_Aim of the task:_ Repeat each record exactly, skipping the pictures.

_The input:_

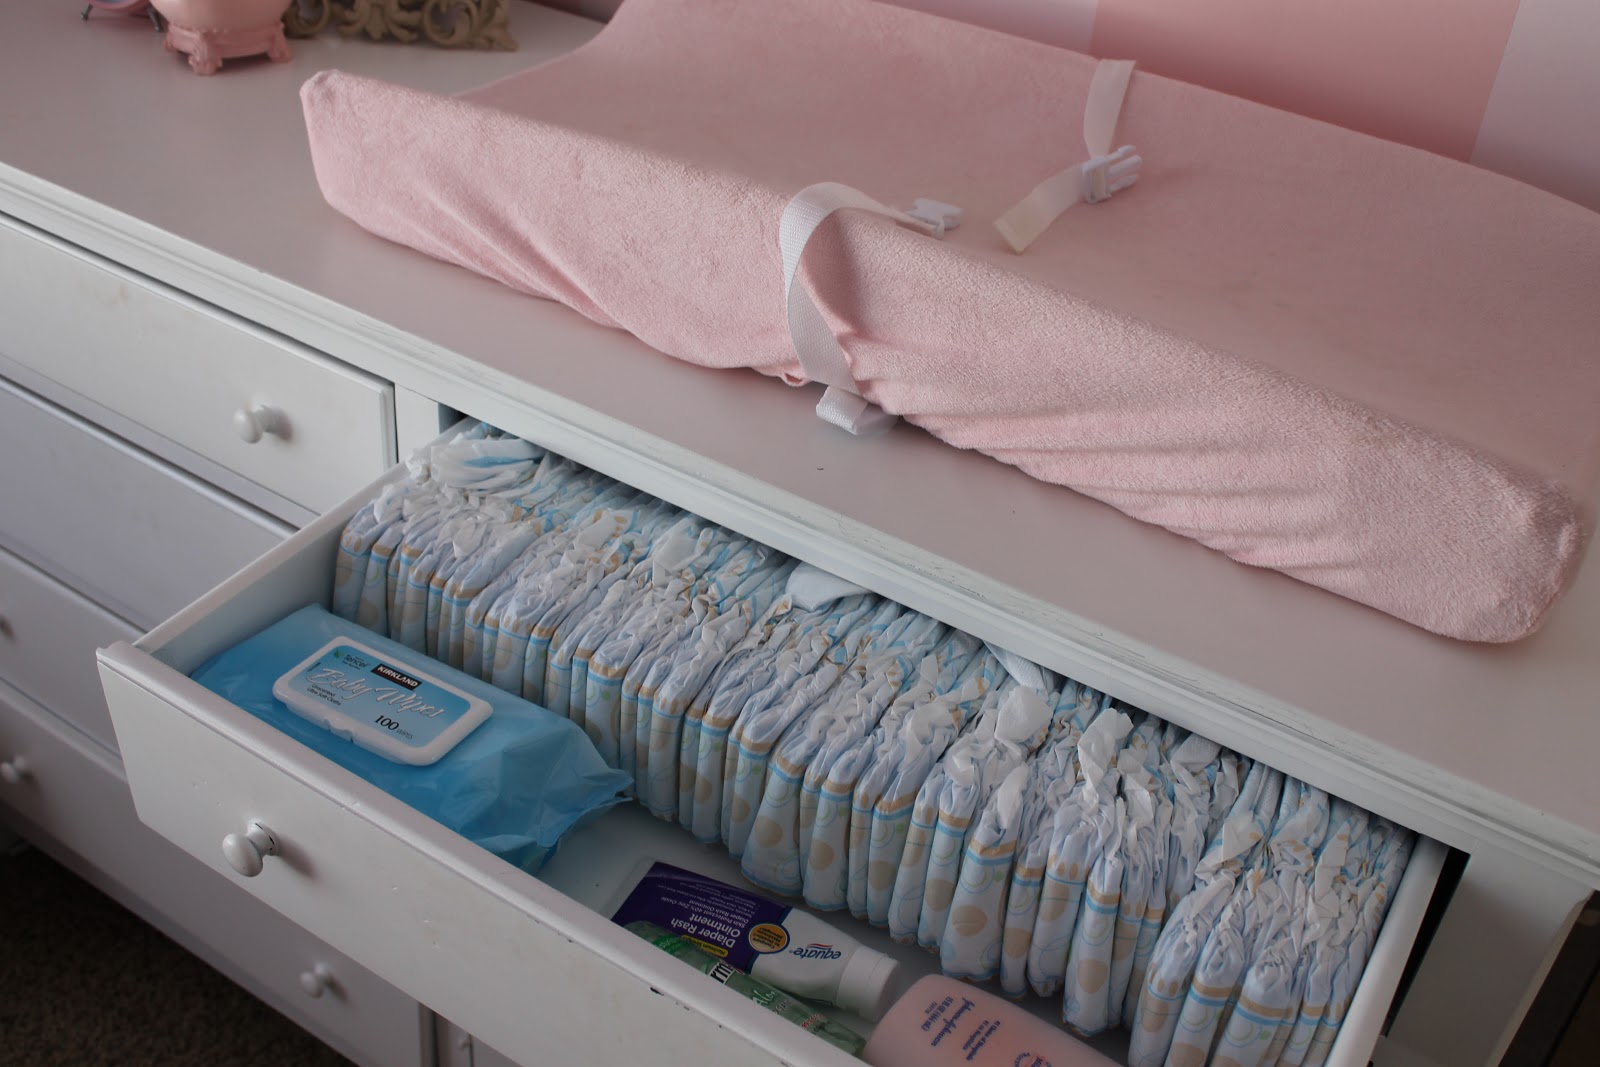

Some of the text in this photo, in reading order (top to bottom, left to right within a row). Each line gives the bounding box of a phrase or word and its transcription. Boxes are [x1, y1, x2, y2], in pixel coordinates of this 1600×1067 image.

[376, 665, 418, 687] KIRKLAND
[306, 666, 444, 719] Baby Wipes
[373, 714, 400, 731] 100
[687, 898, 749, 923] Diaper Rash Ointment
[702, 909, 734, 923] Protectant
[669, 916, 698, 934] Rash
[688, 912, 741, 938] Ointment
[732, 919, 746, 928] Skin
[695, 925, 736, 948] Diaper
[792, 947, 842, 961] equate
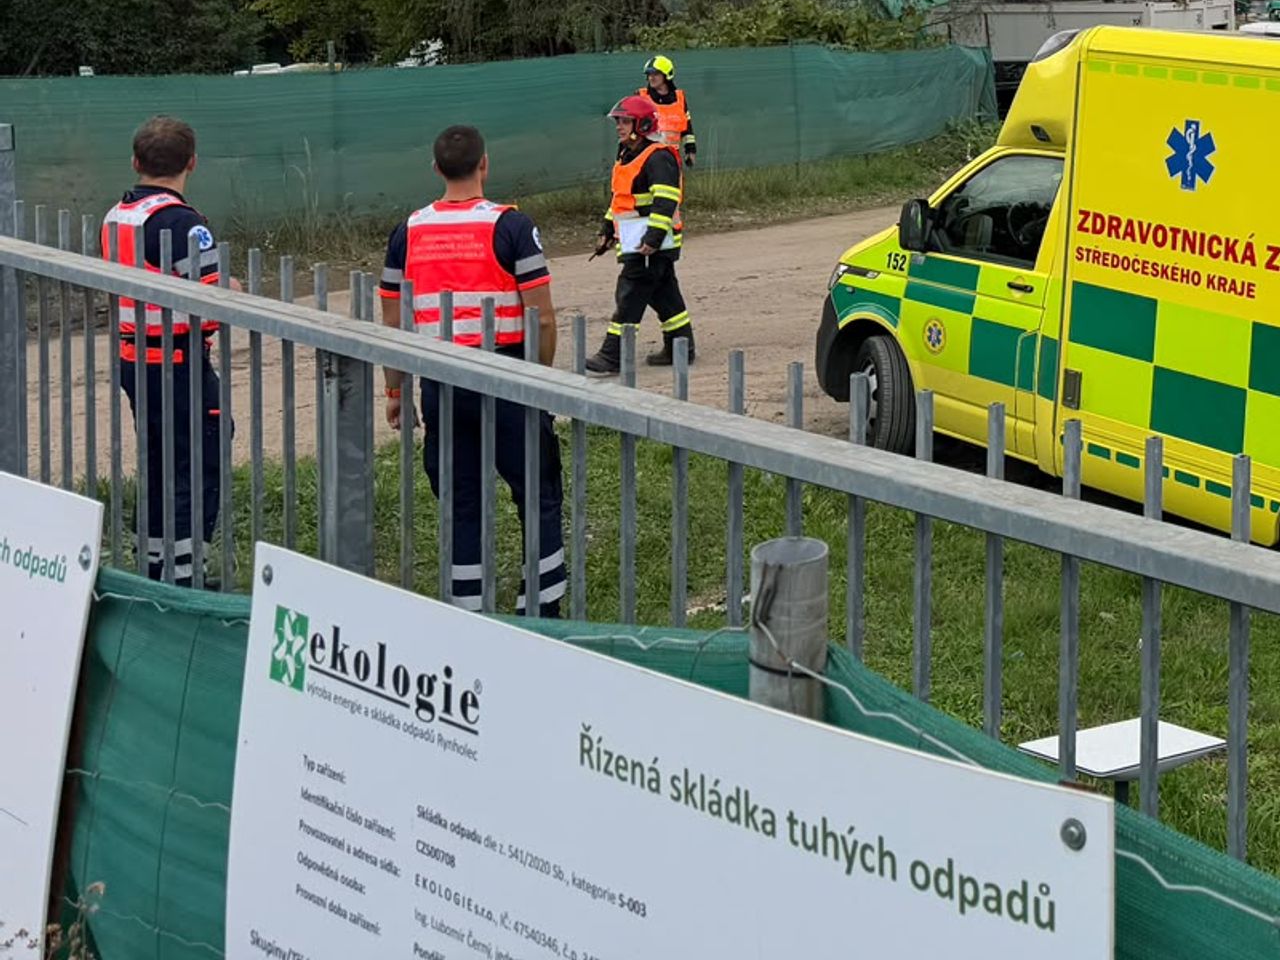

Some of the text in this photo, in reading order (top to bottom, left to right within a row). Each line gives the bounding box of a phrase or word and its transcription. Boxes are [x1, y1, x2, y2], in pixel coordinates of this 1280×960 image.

[1077, 209, 1257, 267] ZDRAVOTNICKÁ
[887, 252, 907, 272] 152
[1075, 244, 1256, 299] STŘEDOČESKÉHO KRAJE
[13, 546, 67, 582] odpadů
[306, 681, 331, 701] výroba
[333, 689, 361, 713] energie
[371, 707, 400, 730] skládka
[402, 721, 435, 744] odpadů
[437, 734, 477, 761] Rynholec
[303, 754, 315, 771] Typ
[301, 787, 344, 817] Identifikační
[346, 807, 362, 826] číslo
[579, 723, 1056, 932] Řízená skládka tuhých odpadů
[299, 819, 344, 850] Provozovatel
[353, 846, 377, 867] adresa
[416, 804, 447, 830] Skládka
[450, 819, 481, 845] odpadu
[483, 834, 496, 852] dle
[508, 844, 551, 876] 541/2020
[571, 872, 617, 904] kategorie
[618, 893, 647, 918] S-003
[297, 851, 366, 895] Odpovědná osoba:
[296, 884, 327, 909] Provozní
[328, 901, 347, 920] doba
[431, 916, 465, 943] Lubomír

_Written answer:_
Some of the text in this photo, in reading order (top to bottom, left to right within a row). Each line gives the bounding box of a phrase or word and its transcription. Boxes are [x1, y1, x2, y2], in pixel coordinates of this 1600×1067 image.

[376, 665, 418, 687] KIRKLAND
[306, 666, 444, 719] Baby Wipes
[373, 714, 400, 731] 100
[687, 898, 749, 923] Diaper Rash Ointment
[702, 909, 734, 923] Protectant
[669, 916, 698, 934] Rash
[688, 912, 741, 938] Ointment
[732, 919, 746, 928] Skin
[695, 925, 736, 948] Diaper
[792, 947, 842, 961] equate

Some of the text in this photo, in reading order (top to bottom, left to right within a row). Each line gives the bounding box of a phrase or word and its transcription. Boxes are [x1, y1, x2, y2], in pixel coordinates of this 1280×960 image.

[1077, 209, 1257, 267] ZDRAVOTNICKÁ
[887, 252, 907, 272] 152
[1075, 244, 1256, 299] STŘEDOČESKÉHO KRAJE
[13, 546, 67, 582] odpadů
[306, 681, 331, 701] výroba
[333, 689, 361, 713] energie
[371, 707, 400, 730] skládka
[402, 721, 435, 744] odpadů
[437, 734, 477, 761] Rynholec
[303, 754, 315, 771] Typ
[301, 787, 344, 817] Identifikační
[346, 807, 362, 826] číslo
[579, 723, 1056, 932] Řízená skládka tuhých odpadů
[299, 819, 344, 850] Provozovatel
[353, 846, 377, 867] adresa
[416, 804, 447, 830] Skládka
[450, 819, 481, 845] odpadu
[483, 834, 496, 852] dle
[508, 844, 551, 876] 541/2020
[571, 872, 617, 904] kategorie
[618, 893, 647, 918] S-003
[297, 851, 366, 895] Odpovědná osoba:
[296, 884, 327, 909] Provozní
[328, 901, 347, 920] doba
[431, 916, 465, 943] Lubomír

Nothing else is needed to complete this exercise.